Je l’ai écouté aussi me parler un peu de nous, évoquer tout ce que nous avions partagé et vécu ensemble. Il m’a avoué que toutes ces dernières années, en dépit de sa vie sociale, il s’était en fait d’une certaine manière enfermé dans la solitude et que je faisais partie de ces rares personnes qu’il serait vraiment heureux de revoir.

Je crois que curieusement j’ai ressenti plus de tristesse en l’imaginant sans amis que lorsqu’il me parlait de la mort de Malou. Je lui ai promis que je l’appellerai si mes pas m’amenaient de nouveau sur Paris et je lui ai dit aussi le plaisir que j’aurais à les recevoir lorsqu’ils viendraient à Barcelone et qu’il devait donc absolument m’appeler avant de réserver ses prochains billets afin que nous puissions nous voir.
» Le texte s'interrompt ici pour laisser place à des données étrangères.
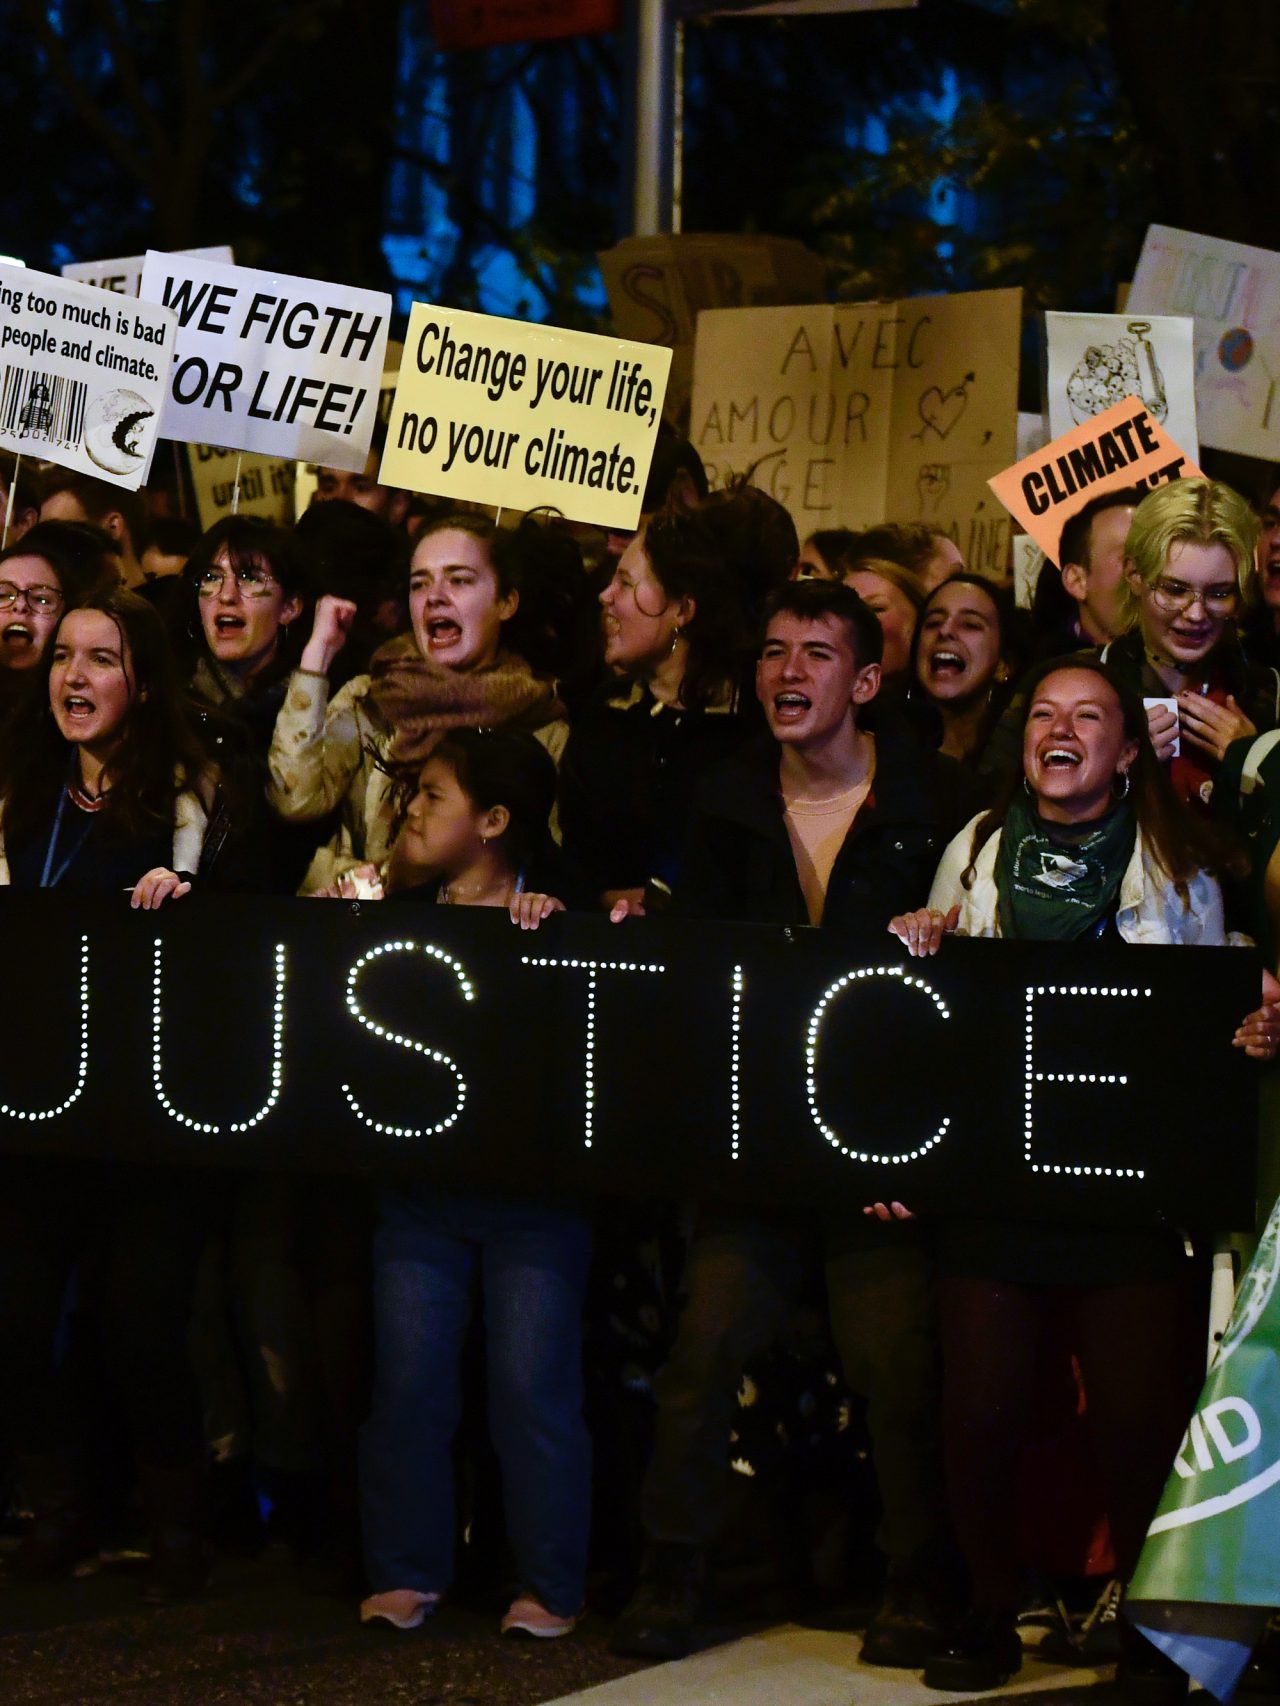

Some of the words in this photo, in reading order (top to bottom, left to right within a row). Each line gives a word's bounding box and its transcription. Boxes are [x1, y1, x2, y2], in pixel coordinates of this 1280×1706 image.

[1, 324, 57, 356] people
[60, 340, 92, 362] and
[95, 345, 159, 382] climate.
[27, 291, 57, 316] too
[62, 302, 111, 331] much
[116, 311, 129, 336] is
[133, 316, 166, 346] bad
[161, 276, 238, 335] WE
[239, 293, 383, 362] FIGTH
[780, 316, 932, 375] AVEC
[172, 354, 243, 413] OR
[247, 371, 367, 435] LIFE!
[416, 322, 527, 402] Change
[529, 358, 603, 409] your
[606, 359, 657, 428] life,
[397, 412, 438, 454] no
[441, 421, 520, 472] your
[524, 428, 640, 495] climate.
[699, 391, 871, 447] AMOUR
[212, 468, 265, 508] until
[1021, 412, 1160, 516] CLIMATE
Je serai vraiment heureuse de le revoir même si je doute que nous puissions un jour vraiment nous retrouver. Est-ce pour cela alors que je sens comme une boule au fond de mon ventre ? Ou est-ce parce que pour la 1ère fois, j’ai l’impression de lui avoir failli alors qu’il avait besoin de moi ?

 

Edit du 15/11/12:
Alors que nous venions d’atterrir à O. vendredi dernier, j’ai eu la surprise de recevoir un nouvel appel de Marc. Lorsqu’il m’a demandée s’il ne me dérangeait pas, j’ai dû lui expliquer que ce n’était effectivement peut-être pas le meilleur moment mais que je pouvais tout de même lui accorder quelques minutes car j’ai bien senti une sorte de fébrilité dans sa voix. Ma question n’avait cessé de le hanter depuis que nous nous étions entendus la dernière fois. Qu’est-ce qui avait bien pu lui prendre de me répondre que non, il n’avait pas d’amis. Il ne savait pas ce qui lui était passé par la tête au moment où il m’avait répondue mais bien sûr qu’il avait des amis. Il s’en était ensuite rendu compte en entendant tous les témoignages d’affection que certains lui avaient montré lorsqu’il les avait appelés pour leur faire part du décès de Malou. Je n’ai pu m’empêcher de penser (et de culpabiliser ?) que de mon côté, je ne lui avais au contraire offert aucun mot d’affection et de réconfort. Est-ce pour cela qu’il s’était demandé s’il avait toujours le droit de me considérer comme son amie alors même que nous nous étions perdus de vue ? Je n’ai pu m’empêcher de le renvoyer à ce questionnement et à lui demander ce qu’il en avait conclu. Après un bref moment de réflexion et quelques marques d’hésitation, il m’a dit que oui. Oui, il estimait que j’étais toujours son amie. J’ai souri légèrement et éprouvé l’envie de le rassurer. Je lui ai dit qu’il avait raison de penser ainsi et que peu importaient les distances et le temps car s’il existait toujours cette possibilité de se parler et ce désir de se voir, c’est bien parce que, quelque part, notre amitié demeurait.
J’ai raccroché sur cette pensée rassurante mais je n’ai pu m’empêcher de penser que c’était peut-être moi aussi que je voulais rassurer et que je pouvais décidément être bien compliquée parfois.